Start of Raw data
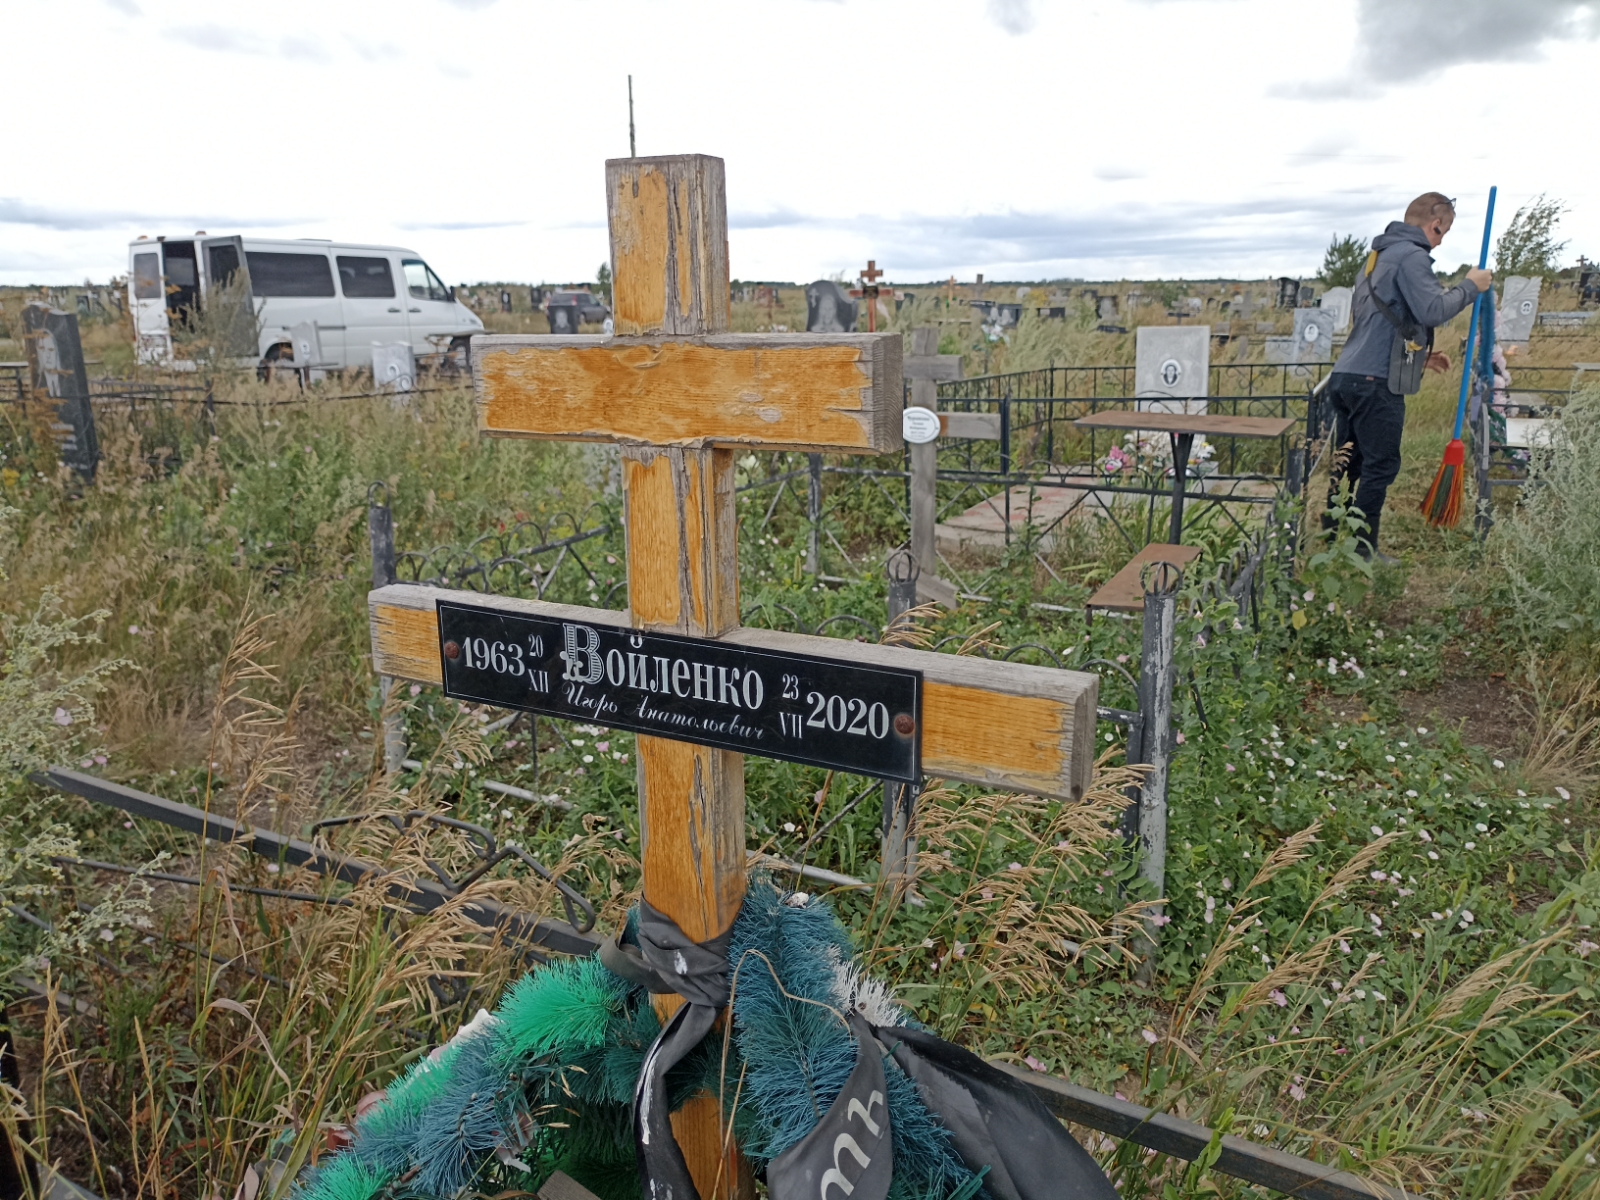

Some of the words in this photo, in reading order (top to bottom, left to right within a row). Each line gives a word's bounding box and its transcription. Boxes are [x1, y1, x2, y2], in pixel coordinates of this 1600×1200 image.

[462, 636, 526, 677] 1963
[528, 634, 544, 658] 20
[528, 668, 549, 693] XII
[559, 622, 764, 711] Войленко
[782, 673, 799, 700] 23
[562, 681, 618, 720] Игорь
[626, 694, 764, 740] Анатольевич
[779, 711, 803, 739] VII
[805, 691, 890, 740] 2020
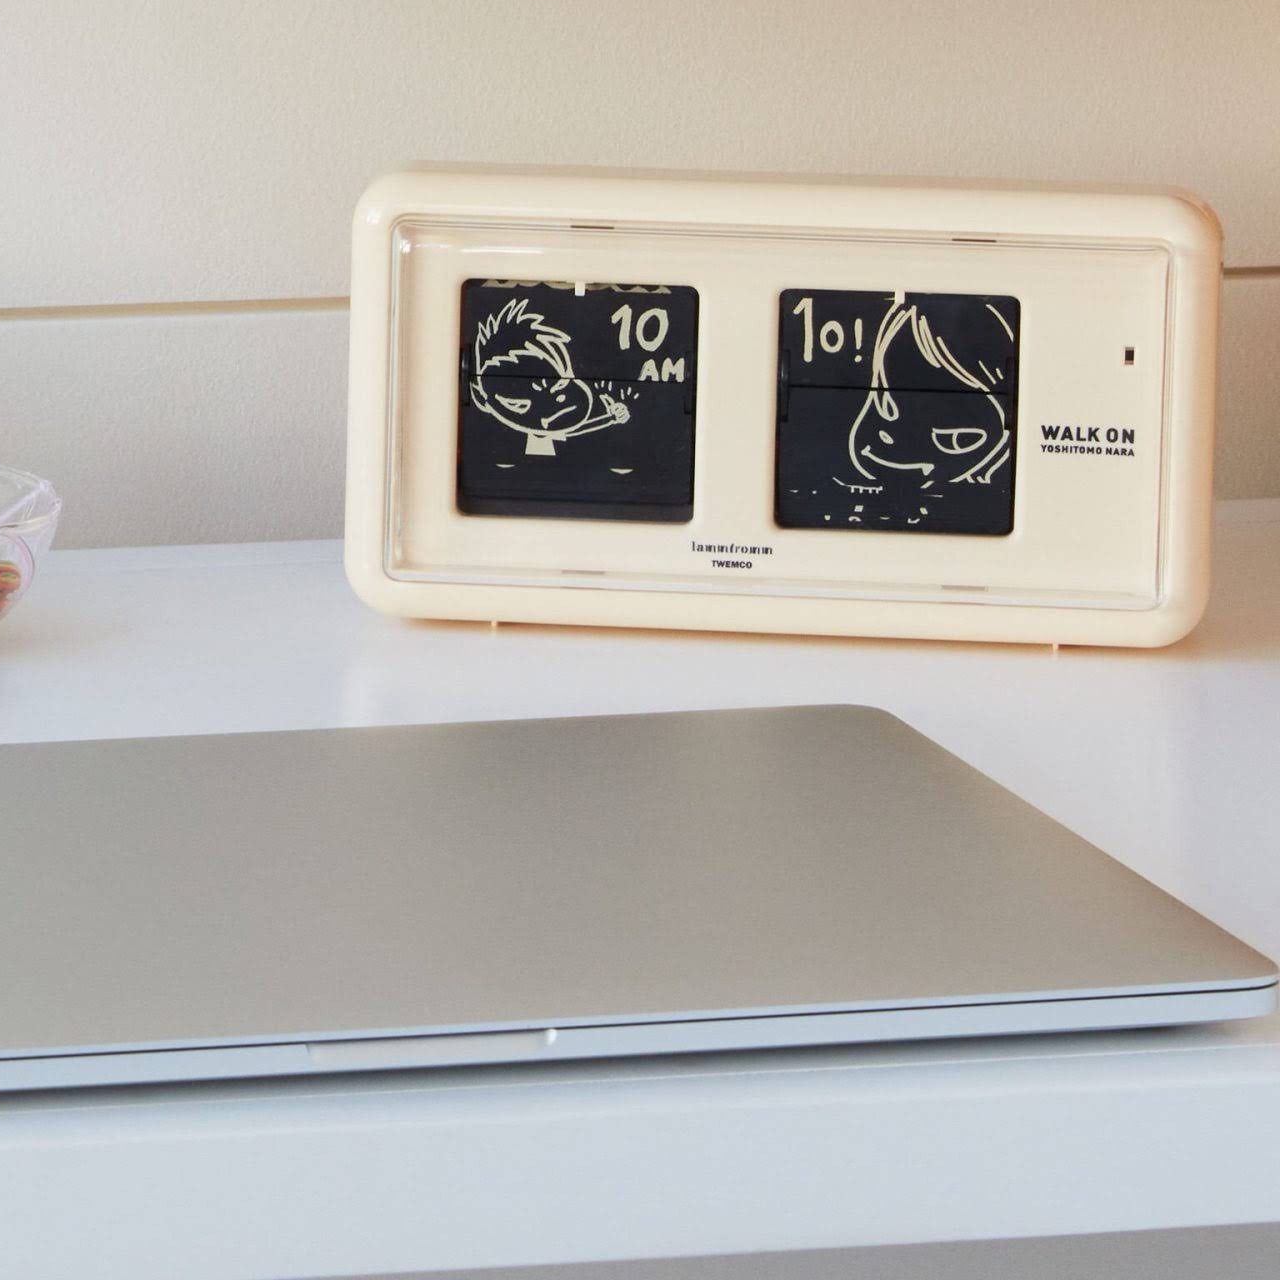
End of Raw data
**Assignment**.
A word-for-word copy of the records is needed, with no pictures carried over.

**Reply**.
Some of the words in this photo, in reading order (top to bottom, left to right within a row). Each line gives a word's bounding box and its transcription. Boxes are [x1, y1, x2, y2], in pixel coordinates of this 1600×1200 image.

[462, 636, 526, 677] 1963
[528, 634, 544, 658] 20
[528, 668, 549, 693] XII
[559, 622, 764, 711] Войленко
[782, 673, 799, 700] 23
[562, 681, 618, 720] Игорь
[626, 694, 764, 740] Анатольевич
[779, 711, 803, 739] VII
[805, 691, 890, 740] 2020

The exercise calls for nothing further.